What have governor candidates Andy Beshear and Daniel Cameron done to improve the Commonwealth’s health, and what are their plans if elected?

Covid-19

On March 6, 2020, Gov. Andy Beshear declared a state of emergency in response to the Covid-19 pandemic.

Later that month following federal recommendations, he issued orders to close restaurants for in-person services, public-facing businesses and schools. Church gatherings were also restricted.

Restaurants reopened for some in-person traffic in May 2020, and some schools opened permanently in December 2020.

Beshear said he does not regret his pandemic restrictions.

“I made the best decisions I could to save as many lives as possible,” he said. “Yes, they were tough, but you have to do what’s hard when you are in a one in a 100 year pandemic.”

Cameron has repeatedly said that he would not have done the same. He said he would have tried to reopen schools and businesses as quickly as possible.

He fought against vaccine mandates and Beshear’s quarantine mandate for out-of-state travelers in court as attorney general.

Reproductive healthcare

Cameron has also defended Kentucky’s current abortion law, a near-total ban with no exceptions for rape or incest, in court.

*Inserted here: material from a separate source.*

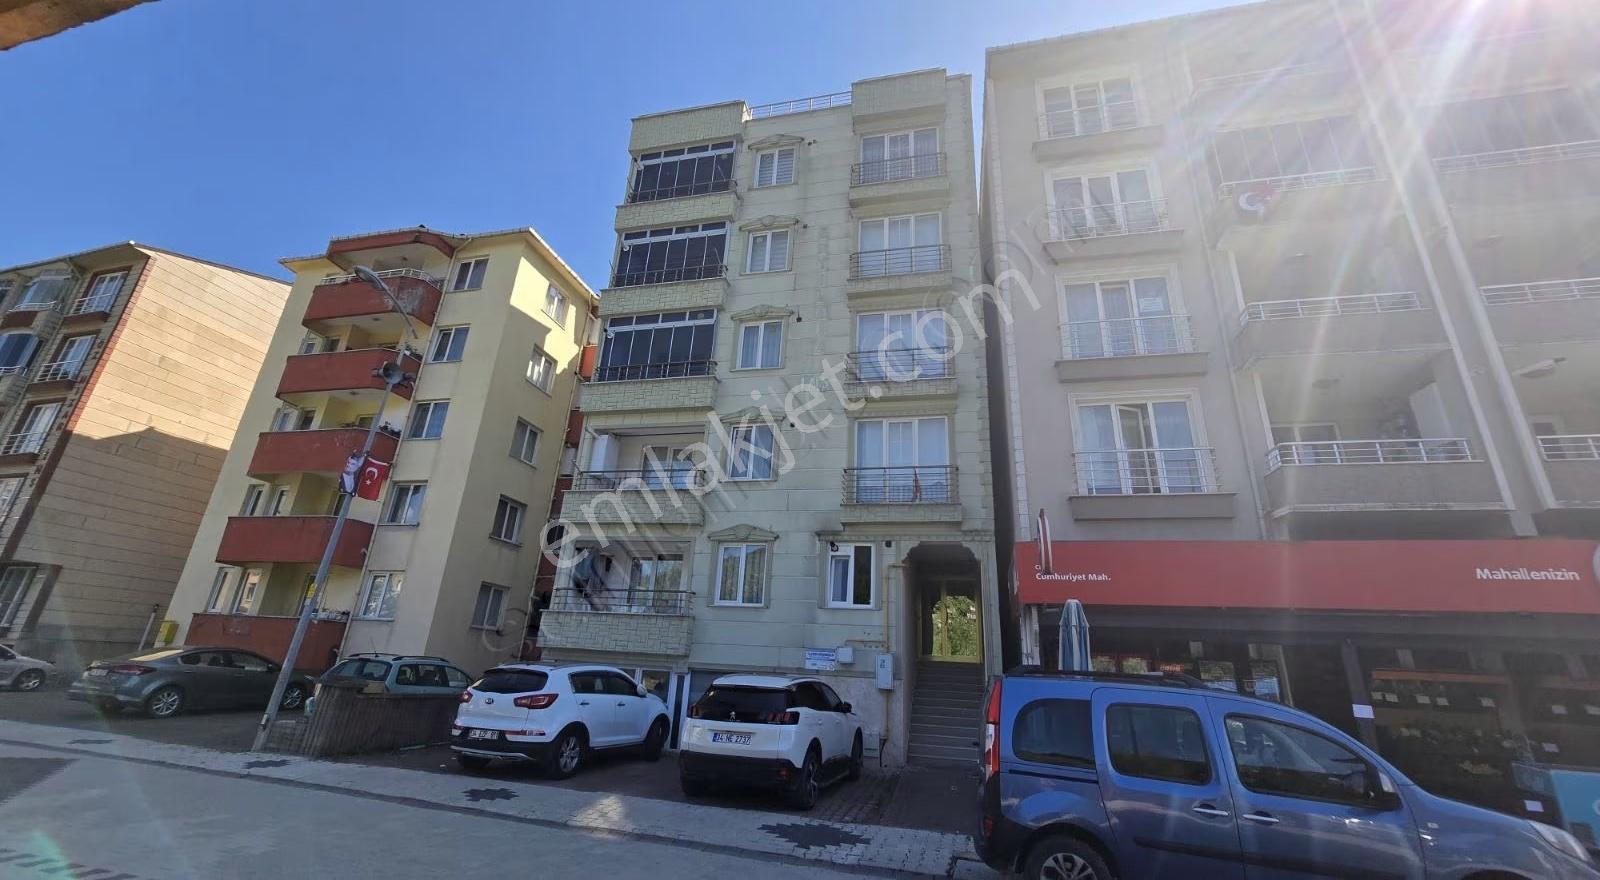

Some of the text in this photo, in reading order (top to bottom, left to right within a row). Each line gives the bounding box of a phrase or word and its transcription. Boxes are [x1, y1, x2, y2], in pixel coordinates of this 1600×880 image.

[1035, 572, 1111, 582] Cumhuriyet Mah.
[1475, 567, 1581, 581] Mahallenizin

He said that if the legislature passed a bill with these exceptions, he would sign it. However, the legislature introduced a bill with rape and incest exceptions during the 2023 session and it went nowhere, so that is not a likely outcome.

He called himself “Planned Parenthood’s worst nightmare.”

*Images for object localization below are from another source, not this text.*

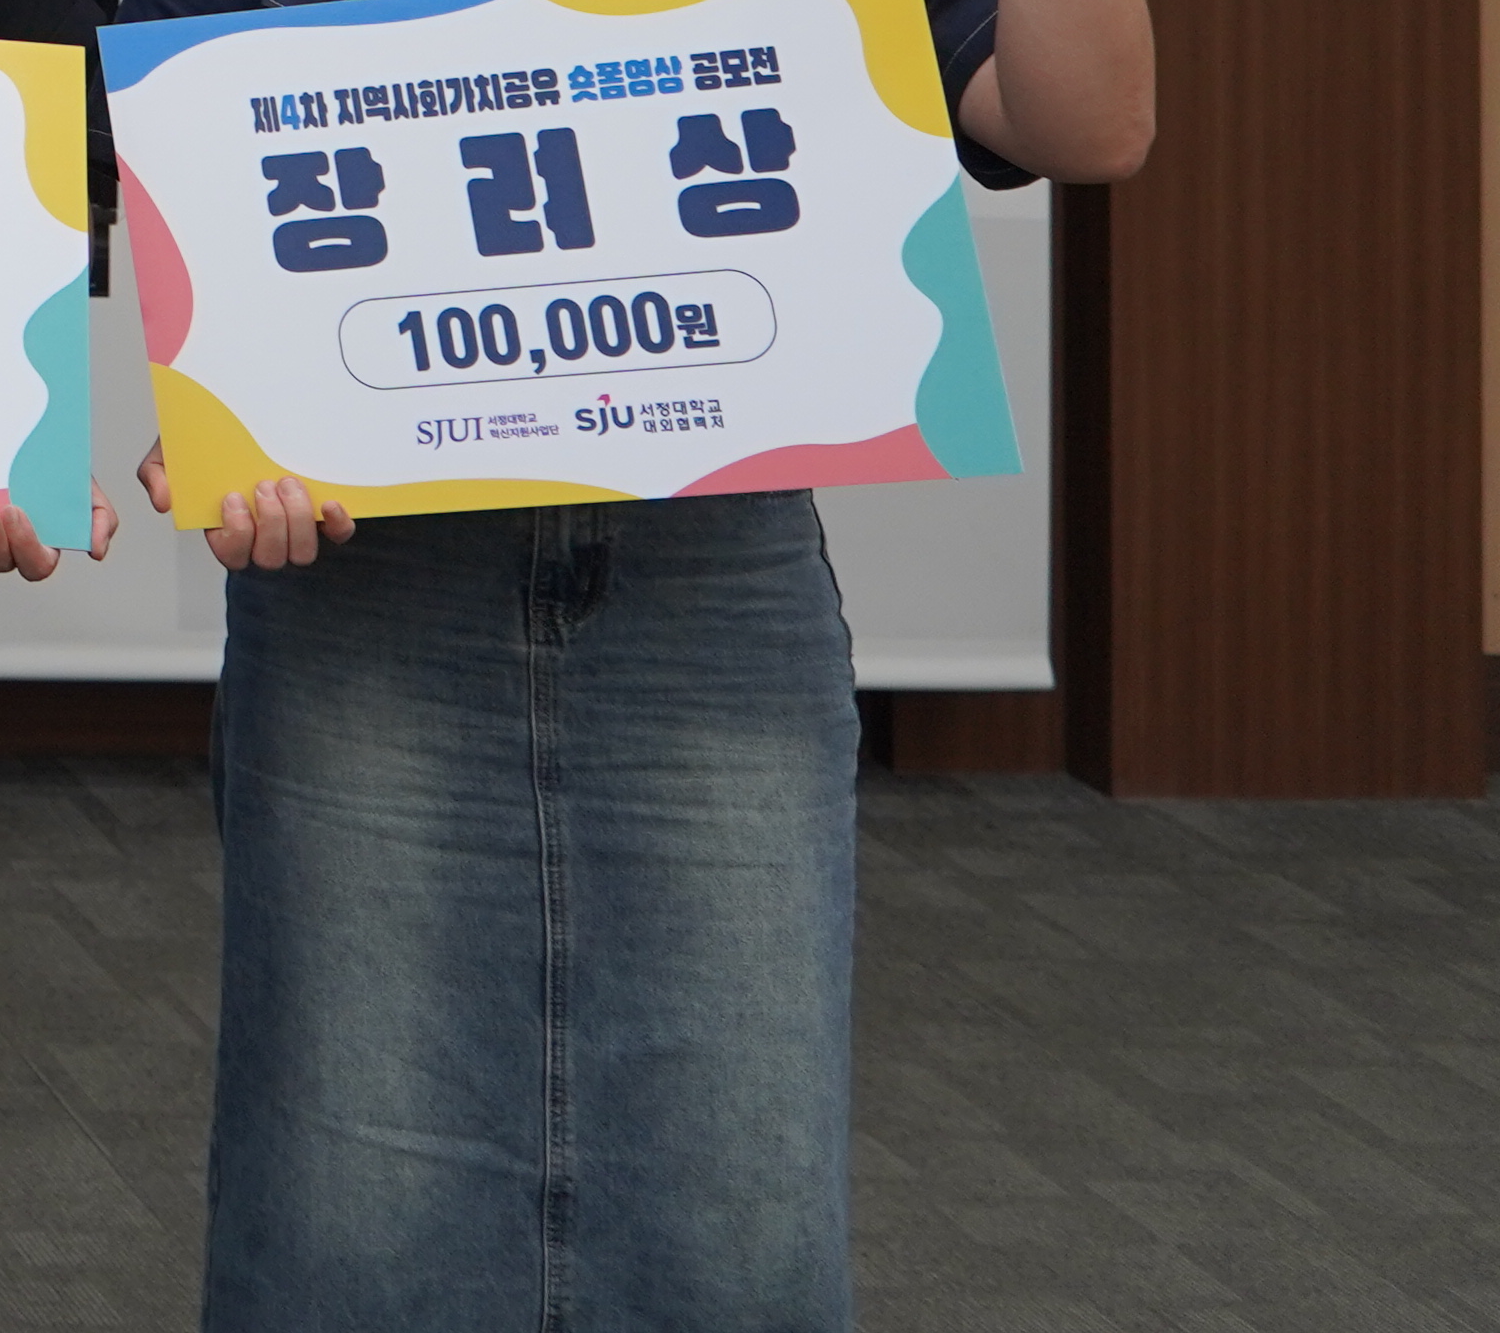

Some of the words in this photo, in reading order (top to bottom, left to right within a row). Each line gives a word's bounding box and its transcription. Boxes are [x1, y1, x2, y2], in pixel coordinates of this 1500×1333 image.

[249, 91, 329, 134] 제4차
[334, 67, 561, 126] 지역사회가치공유
[567, 55, 684, 103] 숏폼영상
[690, 45, 782, 91] 공모전
[396, 288, 719, 377] 100,000원
[640, 397, 723, 418] 서정대학교
[643, 413, 725, 435] 대외협력처
[415, 416, 487, 450] SJUI

“At the end of the day, we need to keep in mind that every baby is an image bearer of God, and I think that we need to establish here in Kentucky a culture of life,” he said.

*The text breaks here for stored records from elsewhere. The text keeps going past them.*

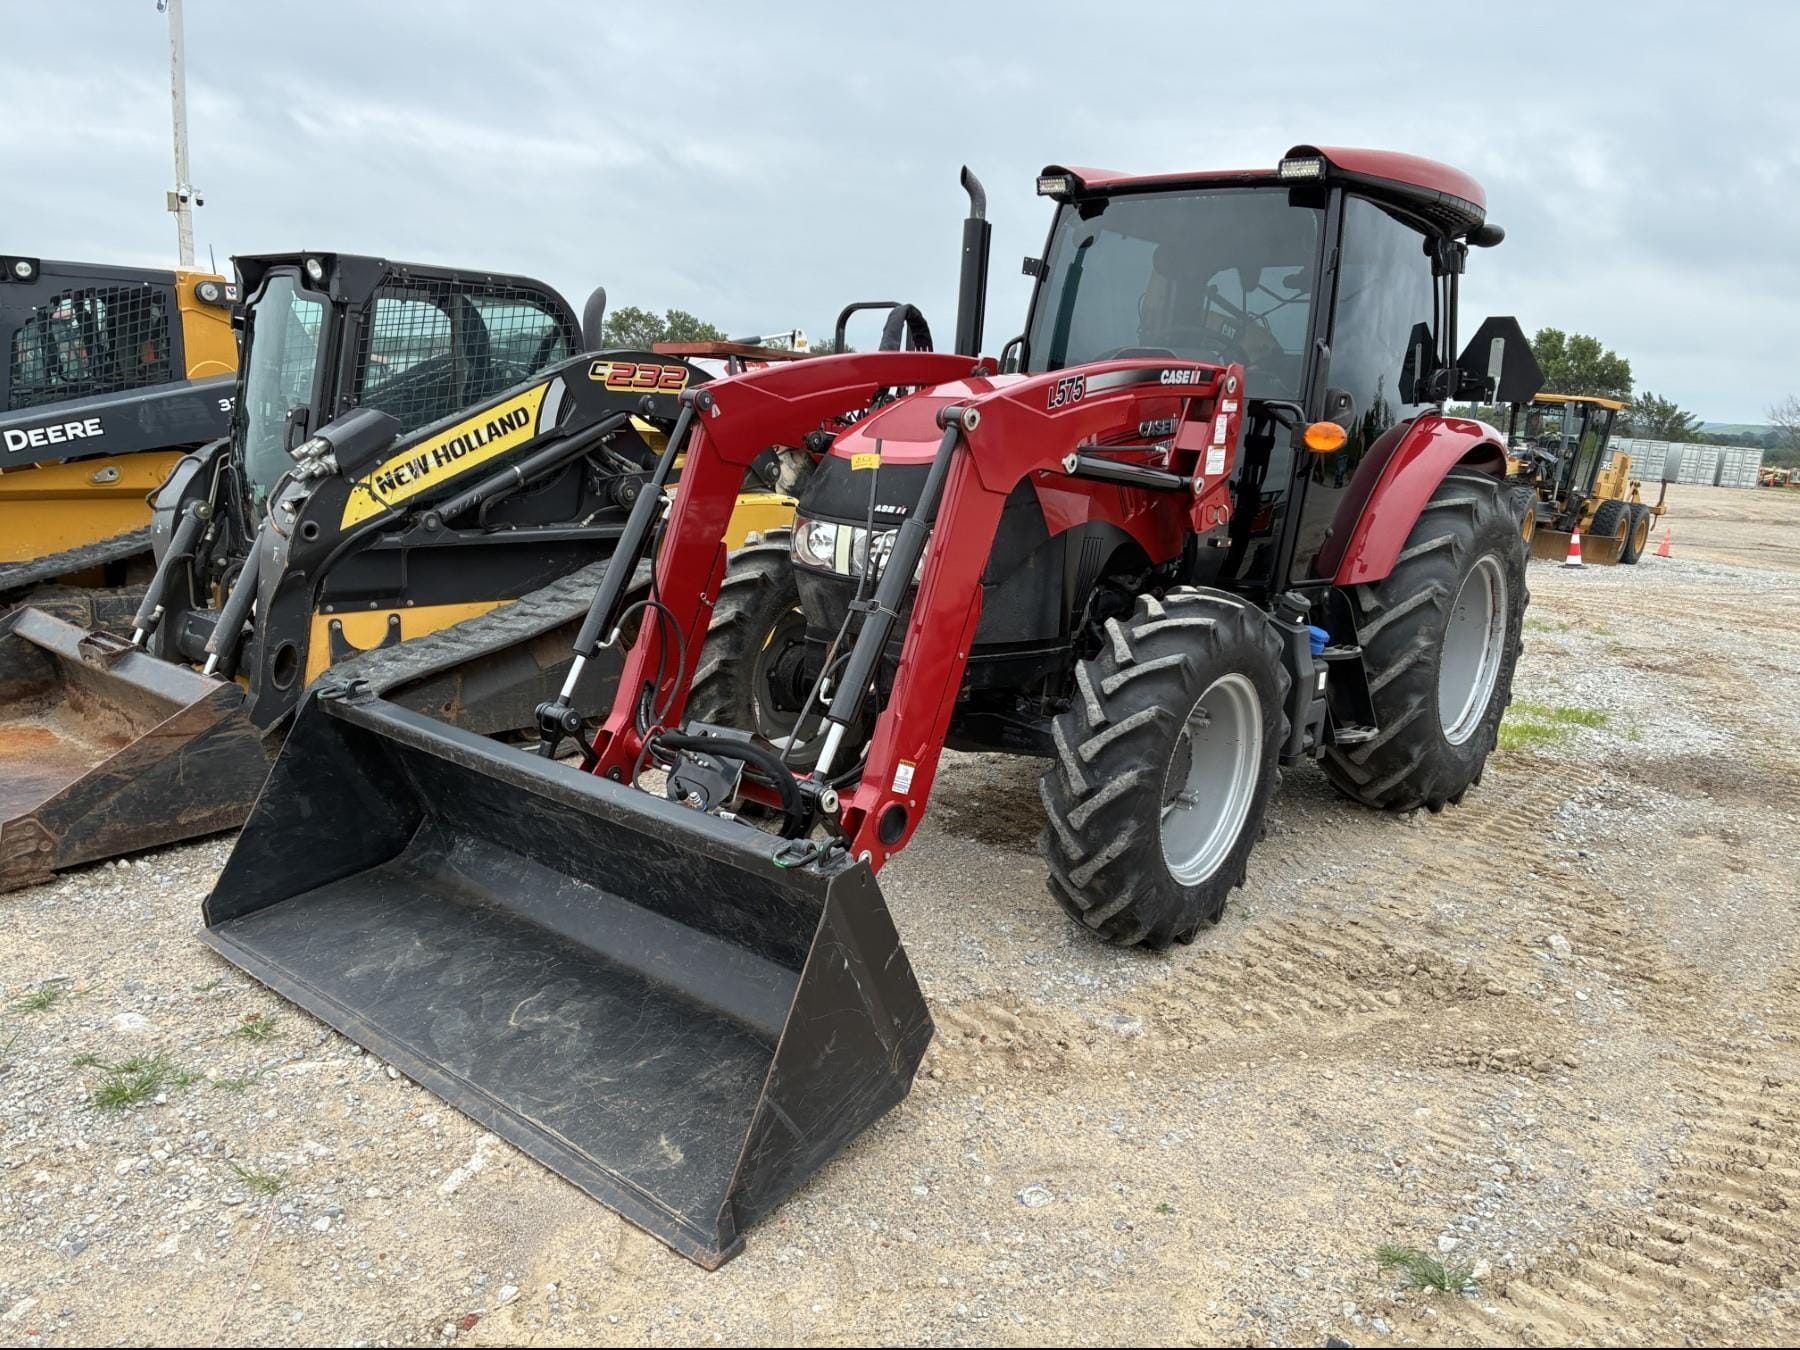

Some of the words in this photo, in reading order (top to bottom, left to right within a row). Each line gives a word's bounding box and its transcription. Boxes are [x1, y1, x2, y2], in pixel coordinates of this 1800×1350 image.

[589, 362, 688, 391] C232
[1160, 369, 1190, 385] CASE
[1047, 374, 1085, 410] L575
[1549, 408, 1565, 416] DEE
[3, 417, 104, 452] DEERE
[1139, 419, 1170, 438] CASE
[375, 454, 430, 494] NEW
[432, 406, 530, 468] HOLLAND
[867, 504, 896, 514] ASE

Beshear said that he supports “reasonable restrictions on abortion, especially late-term procedures,” but also believes that victims of rape or incest “need options.”

He vetoed a 2022 bill that banned abortion after 15 weeks that did not include rape and incest exceptions.

Planned Parenthood’s political arm has spent $200,000 opposing Cameron and supporting Democratic candidates this election cycle.

Aging populations and childcare

According to AARP, Kentucky has more than 600,000 caregivers providing 570 million hours of unpaid family care.

Cameron said he wants to expand opportunities to provide resources to Kentuckians in kinship care, the care of children by relatives.

He said that he would work with the legislature to expand childcare services, and criticized Beshear for closing childcare centers during the pandemic.

Beshear also wants to free up kinship care dollars.

He said that his plan for universal pre-K will allow parents to get back to work.

Beshear added that as attorney general he started the first senior protection office and got the PACE program for seniors who want to live at home but need a high level of healthcare running.

Medicare/Medicaid

Beshear’s father and former governor Steve Beshear expanded Medicaid to 400,000 able-bodied Kentuckians.

The following governor, Matt Bevin, introduced a Medicaid waiver that would have established work requirements to remove 100,000 of those Kentuckians off of benefits.

When Andy Beshear was elected, he ended that waiver process. In 2022, he expanded Medicaid to cover dental, vision and hearing. He said it would help people get back to work.

Cameron said he also wants people to get back to work, and would establish work requirements for Medicaid benefits to create that “culture of work.”

He said that he would not get rid of the Medicaid expansion in September, though.

“I understand from talking to health care providers why the expansion of Medicaid was important,” he said.

“Because when folks come into the ER, the hospital, if they’re not covering that, is going to bear the cost of serving that person, and they’re not able to put that money back into their facility or making improvements to our health care industry.”